Paramyxo symptom checklist:

Disorientation - bird is unable to judge position of objects properly.
Loss of control over head and neck movements.
Stools consisting of a pool of clear liquid surrounding small amount of distinct solid matter.

Erratic flight with sudden changes in direction for no reason. Near objects (eg roofs) there is characteristic fluttering and hesitation as if bird is unconfident.
Misjudged landings.
In bad cases or under stress bird may crash almost immediately after takeoff; indoors a bird will crash into walls or back onto the floor.
Head shake - head movements appear exaggerated and stiff and are followed by a brief period of Parkinson-like tremor. The bird seems to have difficulty focusing on things.
Neck torsion - usually seen in worse cases. When the bird attempts to preen or feed it loses control of the movement and the neck twists over the back or under the chest. The head may even be held upside down.
Feeding problems - the bird cannot judge the position of food and/or loses control of its head and neck movements, the beak slipping sideways across the ground and missing the food altogether. Sometimes after a bird has successfully taken a food item the head is tossed back as if there is difficulty swallowing.

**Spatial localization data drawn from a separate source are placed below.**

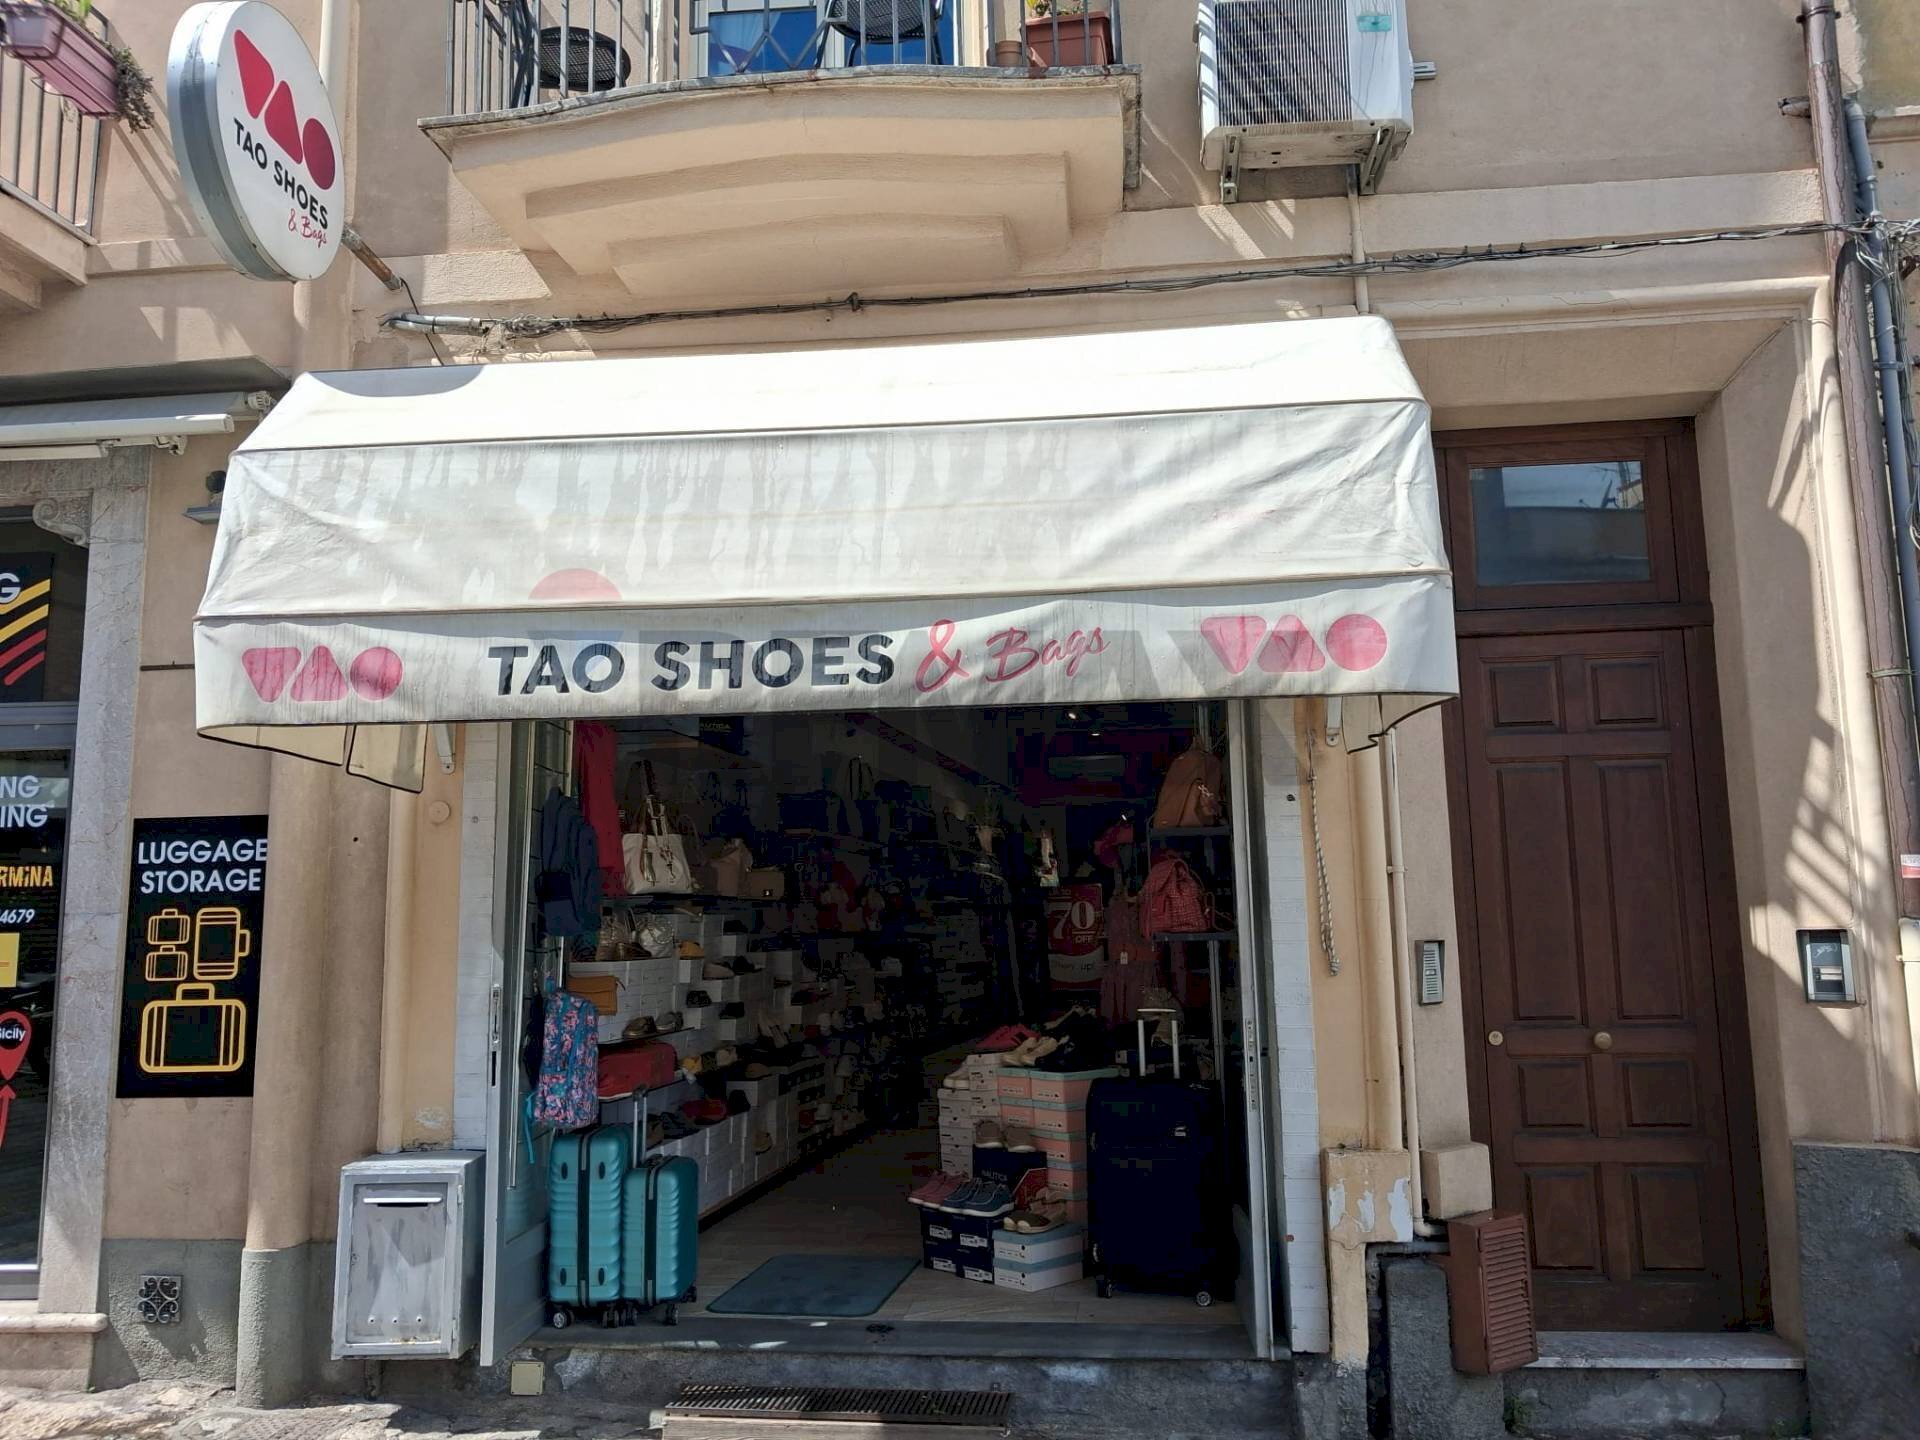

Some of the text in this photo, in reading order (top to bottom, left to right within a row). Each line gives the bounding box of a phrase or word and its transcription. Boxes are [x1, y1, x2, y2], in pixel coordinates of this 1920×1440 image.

[233, 117, 329, 230] TAO SHOES
[287, 208, 328, 248] & Bags
[488, 619, 1111, 696] TAO SHOES & Bags
[138, 839, 268, 864] LUGGAGE
[140, 868, 261, 893] STORAGE

[This message has been edited by Romilly (edited September 25, 2002).]


----------



## WhiteWingsCa

if you check further, you will find that Paratyhpoid can often have VERY similar symptoms to PMV, including the neck torsion.

Parathyphoid is a bacterial infection, which CAN be treated by antibiotics.

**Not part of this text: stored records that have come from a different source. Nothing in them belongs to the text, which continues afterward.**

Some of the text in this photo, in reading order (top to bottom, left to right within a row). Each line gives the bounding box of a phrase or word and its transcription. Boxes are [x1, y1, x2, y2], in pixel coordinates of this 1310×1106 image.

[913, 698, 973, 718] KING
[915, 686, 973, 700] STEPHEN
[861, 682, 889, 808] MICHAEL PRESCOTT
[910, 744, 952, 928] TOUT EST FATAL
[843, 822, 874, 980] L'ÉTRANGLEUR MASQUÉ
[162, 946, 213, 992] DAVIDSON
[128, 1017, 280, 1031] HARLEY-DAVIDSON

Years and years of medical research have proven that viruses CANNOT be treated with antibiotics. If fact, over use of antibiotics...often to TRY and treat a virus, is what has lead to big problems today with drug-resistant bacteria.

PMV is often accompanied by secondary, bacterial infections. So, if you birds had secondary infections, then yes, they would have shown some improvement in condition after treatment with Baytril

If a bird recovers from PMV, it usually does so within a 6-8 week time period...so your birds would have been improving anyway, with or without treatment. And yes, they do seem to go from being very very sick to surprisingly healthier looking birds in a very short course.

Sorry to say, but the Baytril really had not a lot to do with it, other than maybe helping with secondary infections. 

It is the PMV virus that affects the brain activity. A bird with PMV, without any secondary infection, always shows that classic neck torsion and loss of balance. 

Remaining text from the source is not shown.